SVB Financial Group and the federal regulator that closed its Silicon Valley Bank unit indicated at a bankruptcy court hearing on Tuesday that a fight is looming over $2 billion of the former parent company’s cash that was seized along with the lender.
SVB Financial, which filed for bankruptcy on Friday, had said in court papers the U.S. Federal Deposit Insurance Corp took “improper actions” to cut off the parent company from its cash held at its former subsidiary, which was seized by regulators to stem a national bank run.
SVB Financial’s attorney told U.S. Bankruptcy Judge Martin Glenn at a hearing in Manhattan that the financial company lost access to its deposits the day before it filed for Chapter 11 protection.
“Not only has the bank been taken, all the cash has been taken,” said James Bromley, an attorney for SVB Financial.
California banking regulators on March 10 closed Silicon Valley Bank in the largest U.S. bank failure since the 2008 financial crisis.
The collapse of the Santa Clara, California-based bank and Signature Bank, another U.S. midsized lender, prompted a rout in banking stocks as investors worried about other ticking bombs in the banking system and led to UBS Group AG’s takeover of 167-year-old Credit Suisse Group AG to avert a wider crisis.
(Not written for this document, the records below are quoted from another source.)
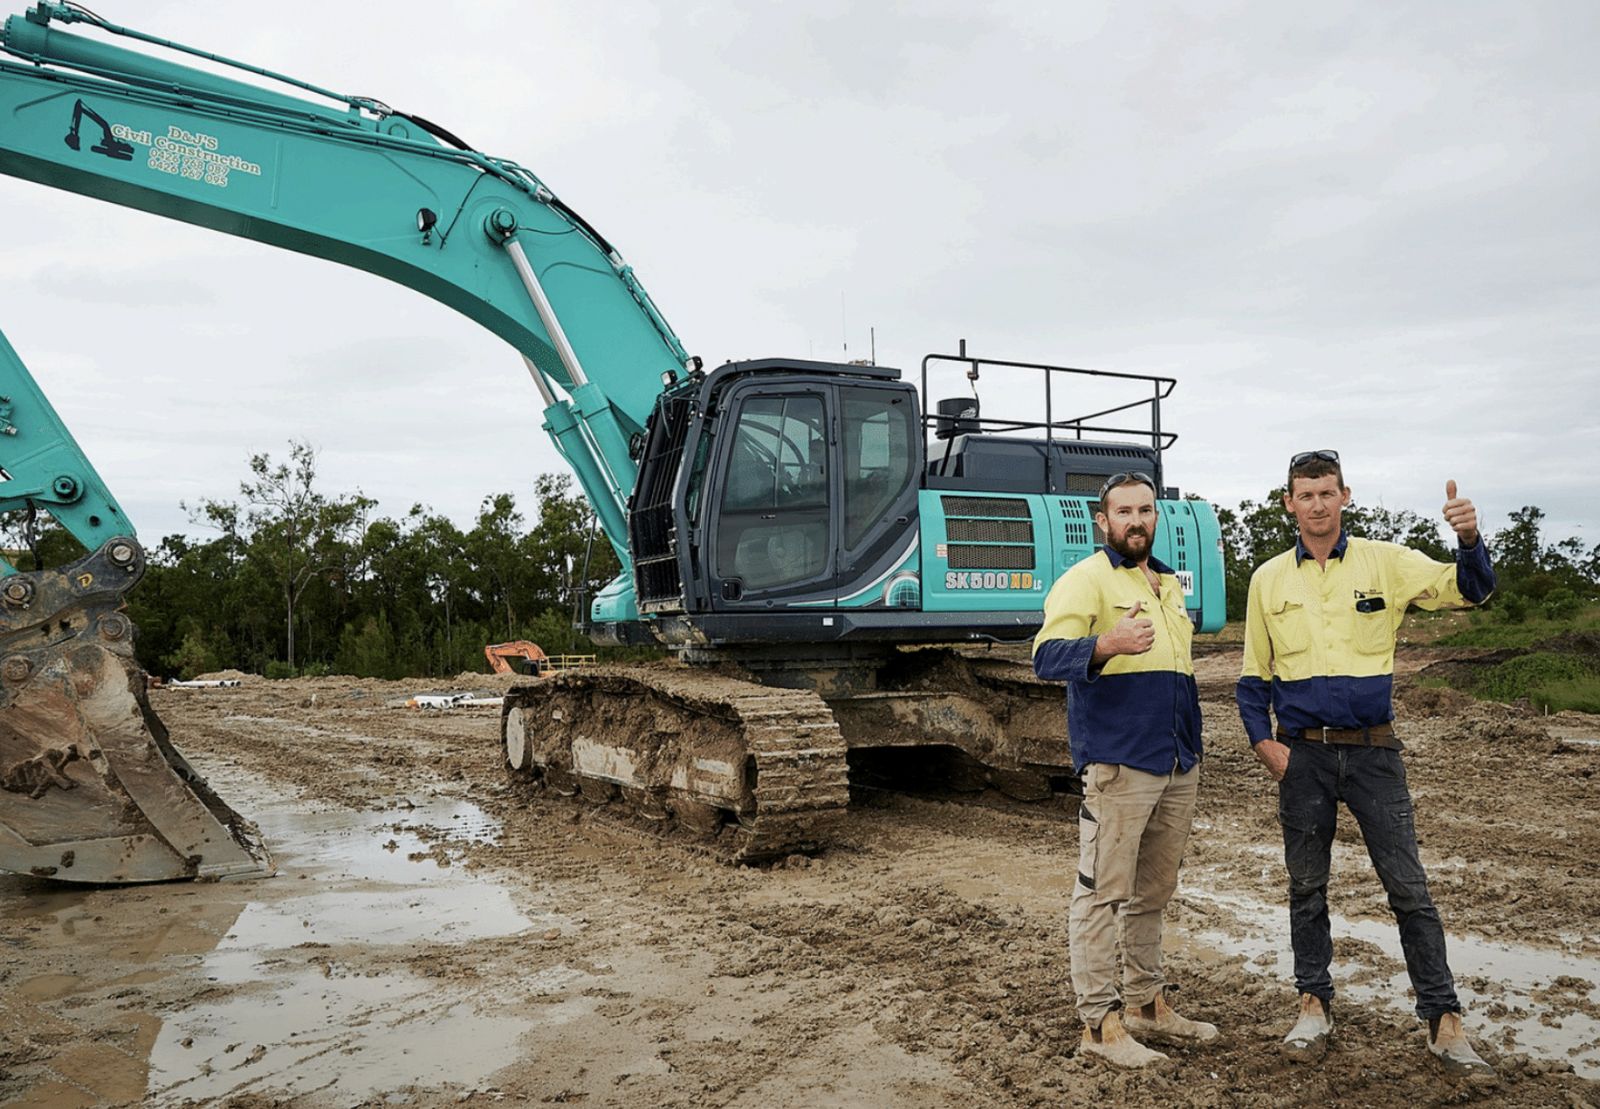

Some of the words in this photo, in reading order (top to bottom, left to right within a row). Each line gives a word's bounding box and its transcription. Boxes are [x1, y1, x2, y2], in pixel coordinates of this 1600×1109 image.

[111, 124, 152, 146] Civil
[154, 137, 261, 176] Construction
[169, 125, 218, 150] D&J'S
[150, 148, 180, 164] 0426
[148, 158, 179, 174] 0426
[204, 173, 229, 187] 095
Global bank stock rout deepens as SVB collapse fans crisis fears
Kurt Gwynne, an attorney for the FDIC as receiver for Silicon Valley Bank, disputed at Tuesday’s hearing that regulators had done anything improper. He also said there may be fights over the money SBF Financial had on deposit at the bank.
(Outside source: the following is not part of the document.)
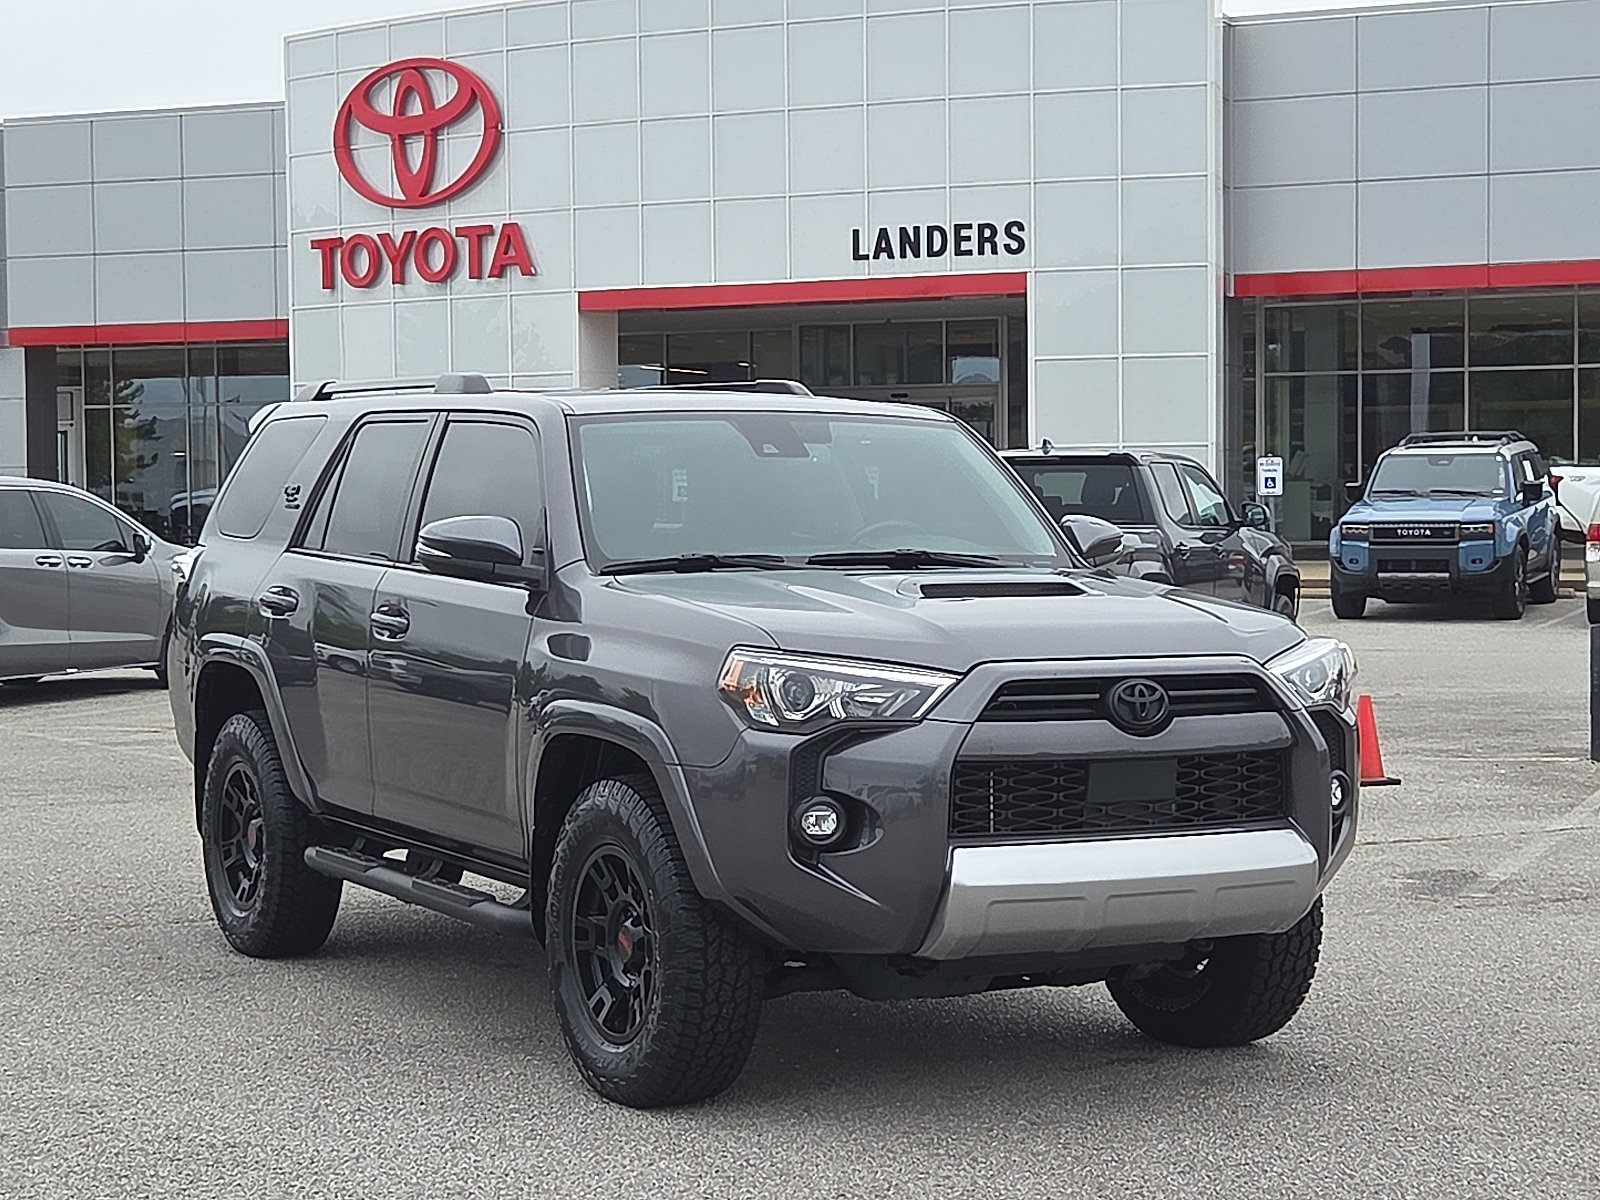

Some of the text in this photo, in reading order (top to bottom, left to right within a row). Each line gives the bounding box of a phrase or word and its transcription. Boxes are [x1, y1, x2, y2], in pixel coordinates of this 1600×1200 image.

[311, 222, 536, 290] TOYOTA
[852, 220, 1026, 261] LANDERS
[1396, 528, 1431, 536] TOYOTA
“There was nothing wrong with freezing accounts and trying to protect deposits” before the bankruptcy filing, Gwynne said.
Marshall Huebner, an attorney representing creditors who hold more than half of SVB Financial’s bond debt, said in court that the FDIC should not be allowed hold the parent company’s deposits indefinitely while creditors are owed $3.4 billion.
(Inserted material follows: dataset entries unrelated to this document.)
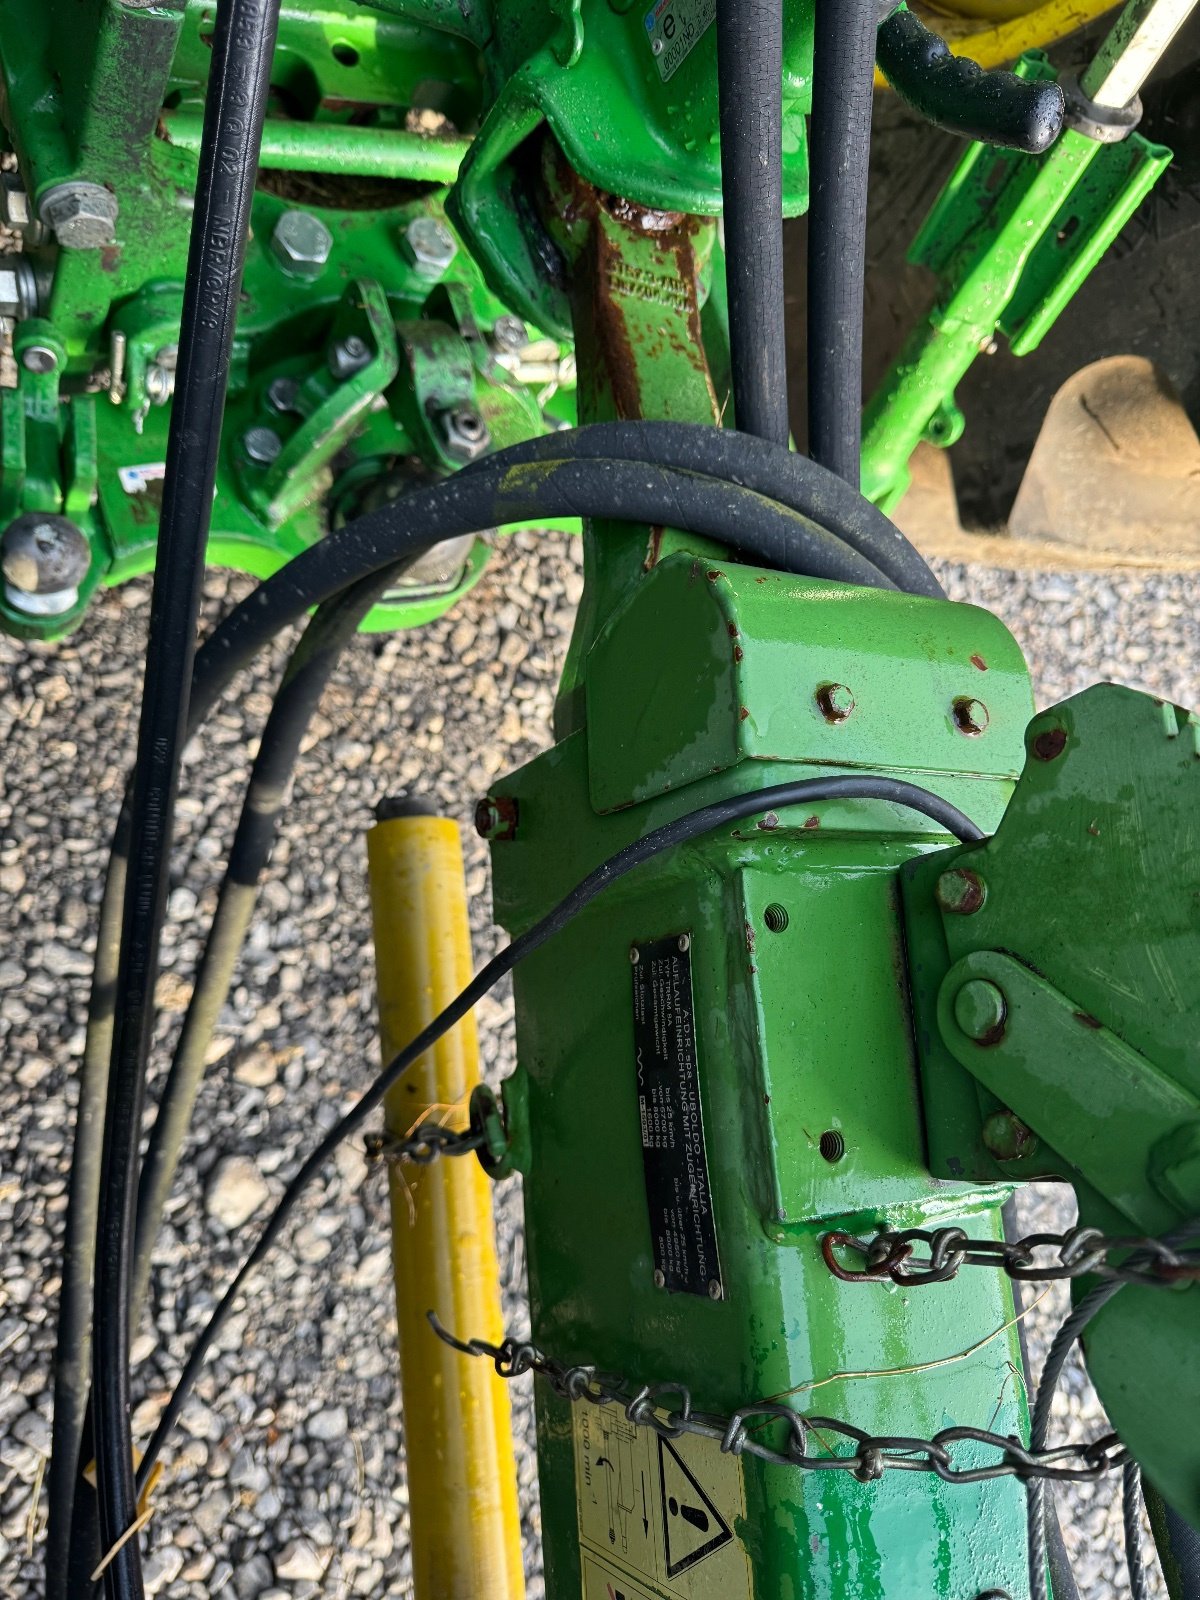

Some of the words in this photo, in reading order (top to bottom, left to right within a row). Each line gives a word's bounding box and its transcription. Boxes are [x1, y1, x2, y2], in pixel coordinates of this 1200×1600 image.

[652, 980, 660, 1055] Gesamtgewicht
[659, 979, 668, 1060] Geschwindigkeit
[672, 956, 688, 1111] AUFLAUFEINRICHTUNG
[683, 1116, 691, 1138] MIT
[667, 1106, 673, 1118] 25
[648, 1136, 654, 1147] kg
[655, 1136, 660, 1148] kg
[662, 1136, 668, 1148] kg
[689, 1092, 700, 1154] UBOLDO
[697, 1168, 707, 1215] ITALIA
[680, 1234, 686, 1246] 25
[661, 1259, 666, 1271] kg
[668, 1260, 673, 1272] kg
[676, 1260, 681, 1273] kg
[581, 1411, 590, 1449] 1000
[584, 1455, 592, 1486] min
Gwynne said that the FDIC and other regulators took steps to insure all bank deposits as a way of preventing a banking panic and without those steps, there would be nothing of value at SVB Financial to fight over.
He also said that SVB Financial was not just a depositor, but also a shareholder of the bank and shareholders were not being protected by regulators.
Glenn said he did not believe at this time that the FDIC acted improperly.
Bromley said there were bidders for SVB Financial’s businesses, which include venture capital and investment banking units. Those units were excluded from the FDIC takeover.
While SVB Financial lost access to around $2 billion, it still has access to over $180 million in accounts at other banks. Glenn said he was prepared to allow SVB Financial to use up to $100 million for investment activity.
The FDIC has said in court filings that it is holding SVB Financial’s funds while investigating potential claims against it.
SVB Financial and two top executives were sued last week by shareholders who accused them of concealing how rising interest rates would leave the Silicon Valley Bank unit “particularly susceptible” to a bank run.
SVB Financial has $3.4 billion in debt and it manages about $9.5 billion of other investors’ money across its portfolio of venture capital and credit funds, according to court filings.
Silicon Valley Bank was SVB Financial’s largest asset, accounting for more than $15.5 billion of SVB Financial’s $19.7 billion in total assets.